EXERCISE REQUIREMENTS:
Would you please copy the entries exactly, leaving every picture aside?

Start of PROVIDED MATERIAL

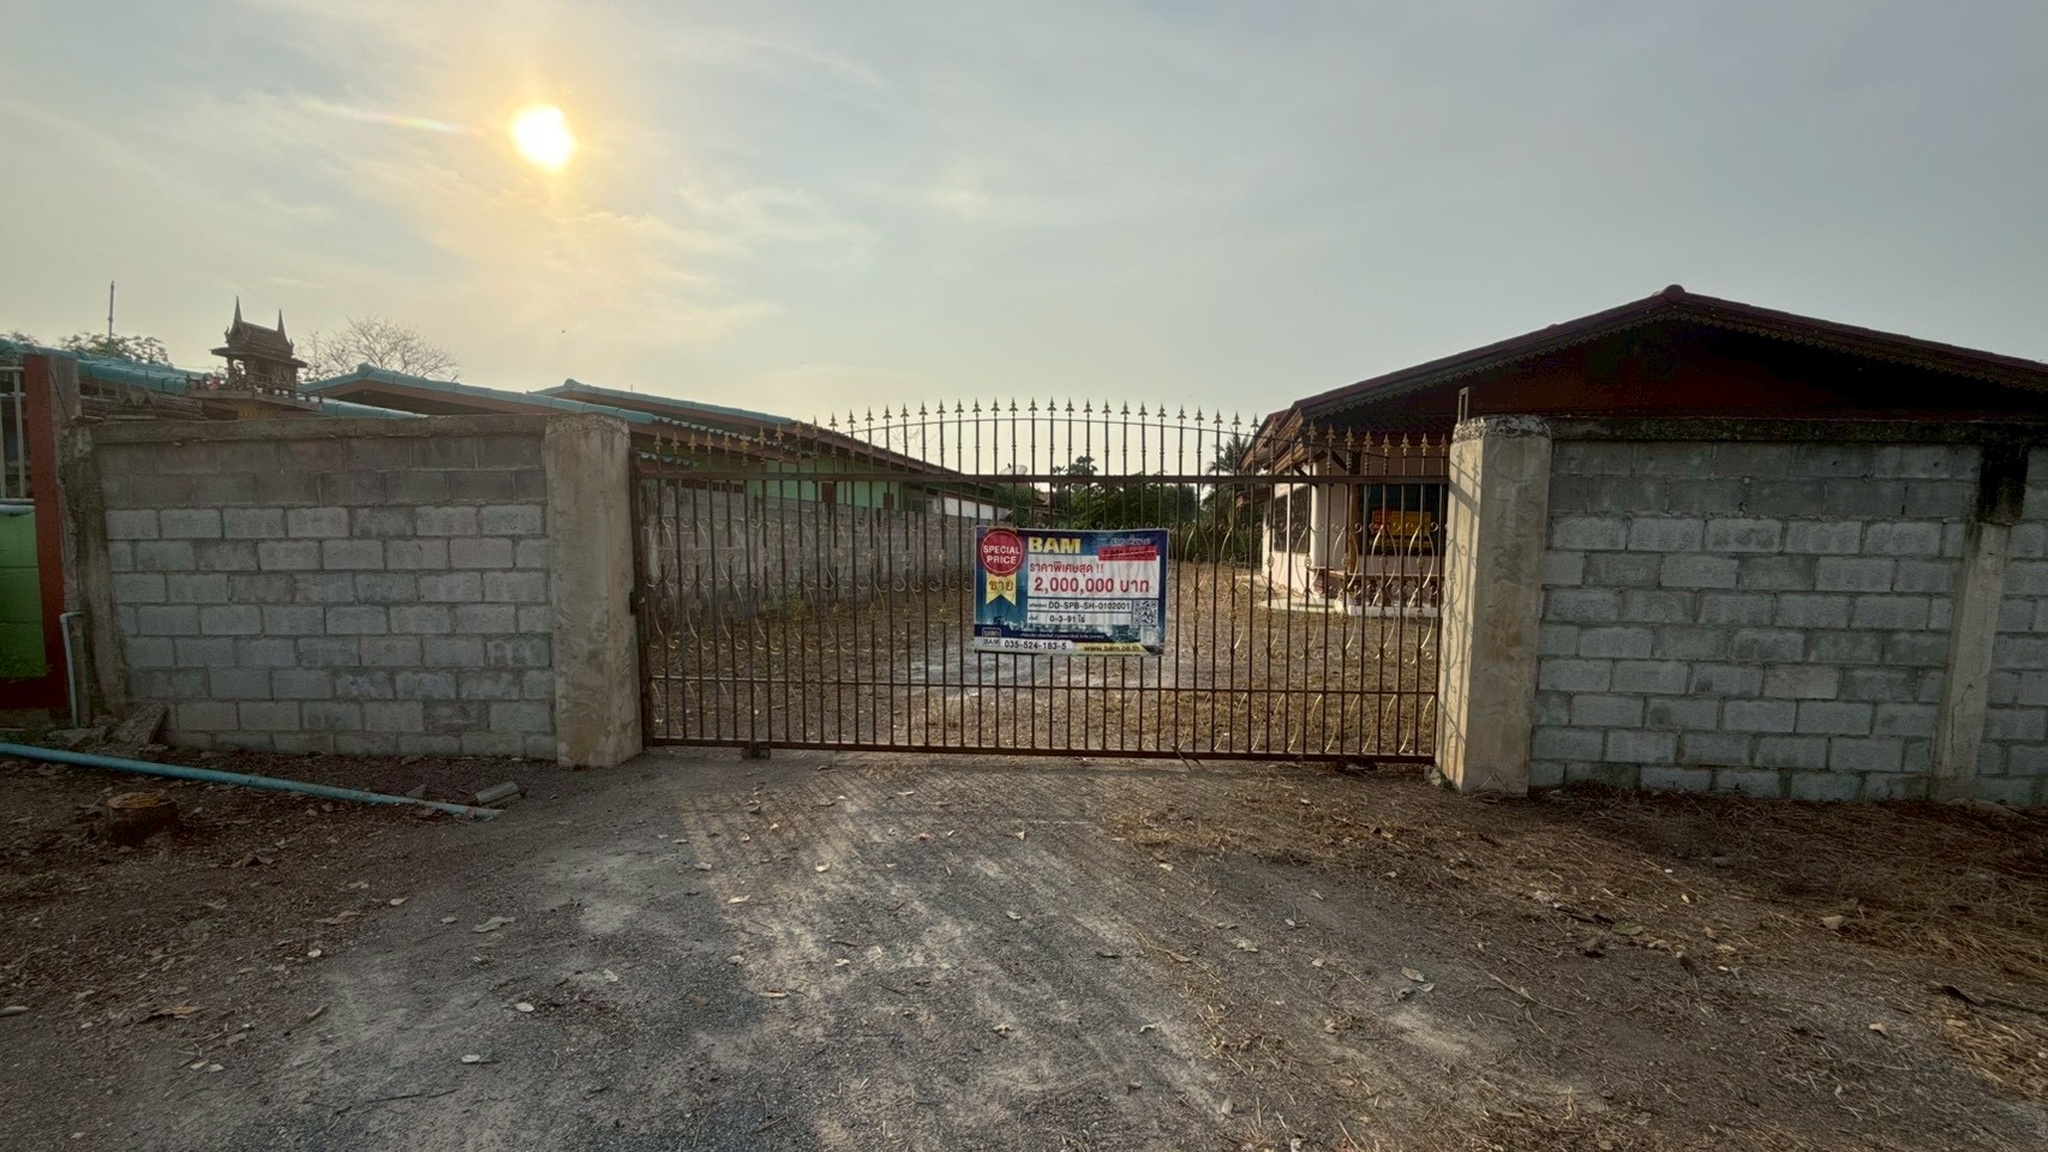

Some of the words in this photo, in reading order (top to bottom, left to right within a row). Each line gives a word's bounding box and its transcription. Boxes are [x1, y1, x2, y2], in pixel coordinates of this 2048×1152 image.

[983, 545, 1020, 555] SPECIAL
[1028, 536, 1081, 554] BAM
[986, 555, 1017, 565] PRICE
[1029, 561, 1093, 577] ราคาพิเศษสุด
[989, 580, 1014, 591] ขาย
[1034, 577, 1114, 595] 2,000,000
[1120, 579, 1150, 593] บาท
[1004, 639, 1067, 650] 035-524-183-5
[1084, 645, 1140, 653] www.bam.co.th

End of PROVIDED MATERIAL

FINISHED TASK:
Some of the words in this photo, in reading order (top to bottom, left to right within a row). Each line gives a word's bounding box and its transcription. Boxes are [x1, y1, x2, y2], in pixel coordinates of this 2048×1152 image.

[983, 545, 1020, 555] SPECIAL
[1028, 536, 1081, 554] BAM
[986, 555, 1017, 565] PRICE
[1029, 561, 1093, 577] ราคาพิเศษสุด
[989, 580, 1014, 591] ขาย
[1034, 577, 1114, 595] 2,000,000
[1120, 579, 1150, 593] บาท
[1004, 639, 1067, 650] 035-524-183-5
[1084, 645, 1140, 653] www.bam.co.th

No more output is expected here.